Before the UN Millennium Summit in 2000, nearly every country including Malawi made a commitment to achieve equal rights for women and girls by ratifying the Convention on the Elimination of All Forms of Discrimination against Women (CEDAW) and the Convention on the Rights of Child (CRC).

Despite making this legal obligation to meet the commitment, Malawi still lags far behind in terms of issues related to adolescent girls and women. Worse still, manifestos by many political parties in the forthcoming tripartite election offer no hope or consideration for adolescent girls as far as issues which concern their health and overall well-being.  

As a girl-centred Malawian NGO, we are appealing to political parties to integrate issues of adolescent girls into the heart of their strategic planning. Political parties must be reminded that adolescent girls factor critically into measuring issues related to national development such as poverty, economic prosperity, gender equality, maternal health and population. 

It is for these reasons that adequately investing in the development of young girls and women will bear fruit for Malawi. With proper support, adequate education and sufficient resources, adolescent girls can be empowered to bring positive change to their lives as well as the lives of their communities and Malawi as a nation. It is estimated that every year of schooling increases a girl's individual earning power by 10–20%, while the return on secondary education is even higher, in the range of 15–25%.

According to UNFPA, education is important for everyone, but it is especially significant for girls and women. This is true not only because education is a vital entry point to other opportunities, but also because the educational achievements of girls and women can have significant benefits within the family, the community and across generations.
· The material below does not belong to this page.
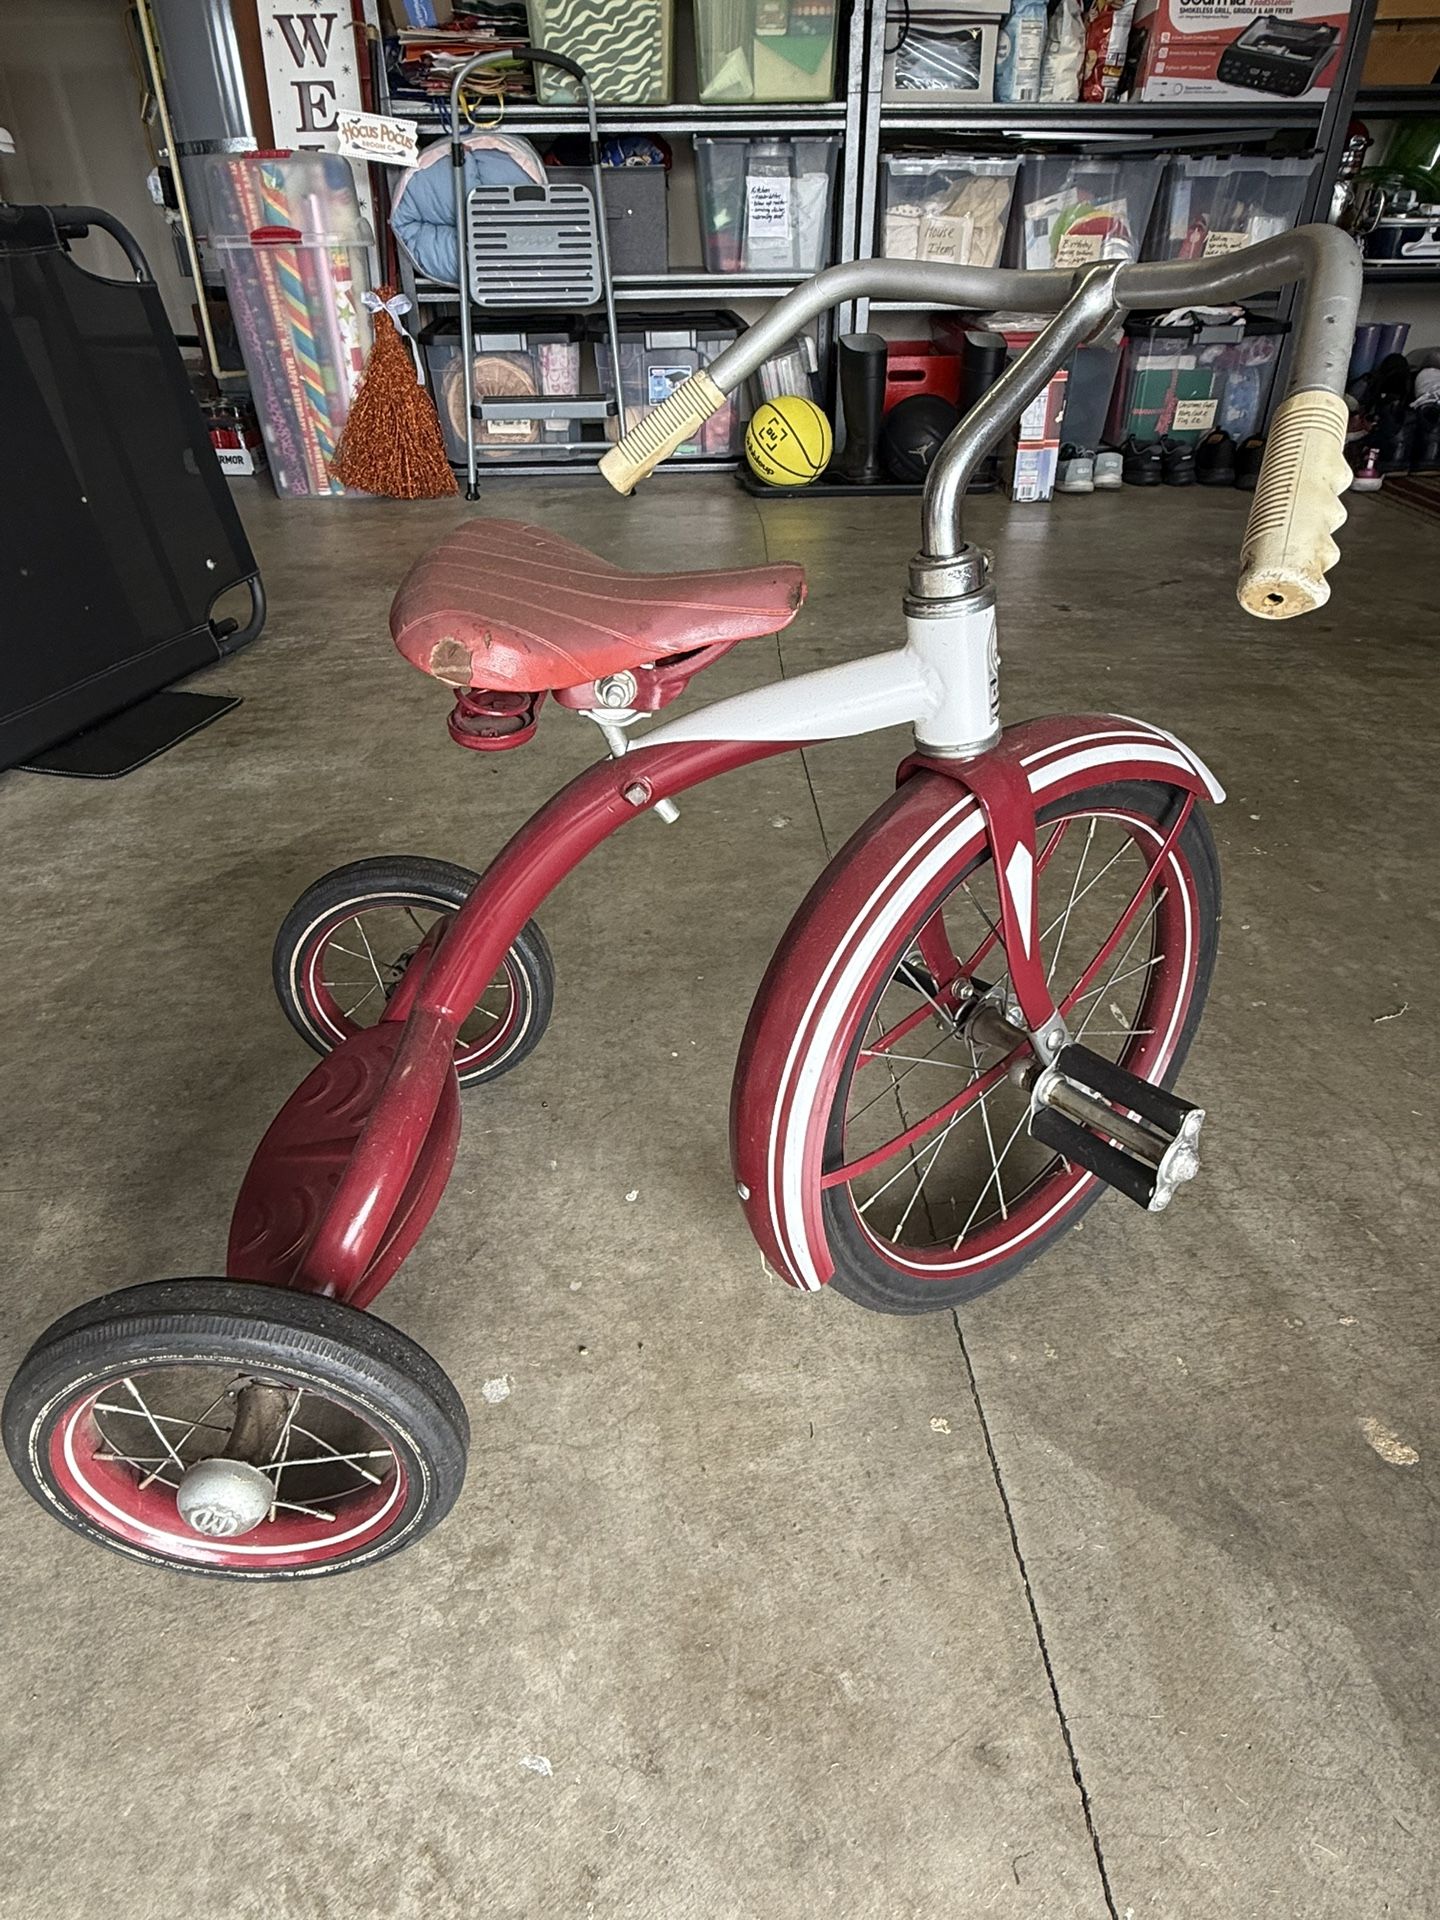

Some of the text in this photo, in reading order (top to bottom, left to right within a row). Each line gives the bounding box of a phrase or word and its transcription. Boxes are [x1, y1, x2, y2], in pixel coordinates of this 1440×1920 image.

[925, 224, 955, 239] House
[928, 242, 956, 257] Items
[218, 455, 245, 465] RMOR
Once again, it must be noted that girls who are wholly supported to complete their education are more likely to marry at a later age and are more likely to have smaller and healthier families, hence effectively combating the negative consequences of the population boom.  Educated women can recognize the importance of health care and know how to seek it for themselves and their children. Education can also help girls and women to know their rights and to gain confidence to claim them.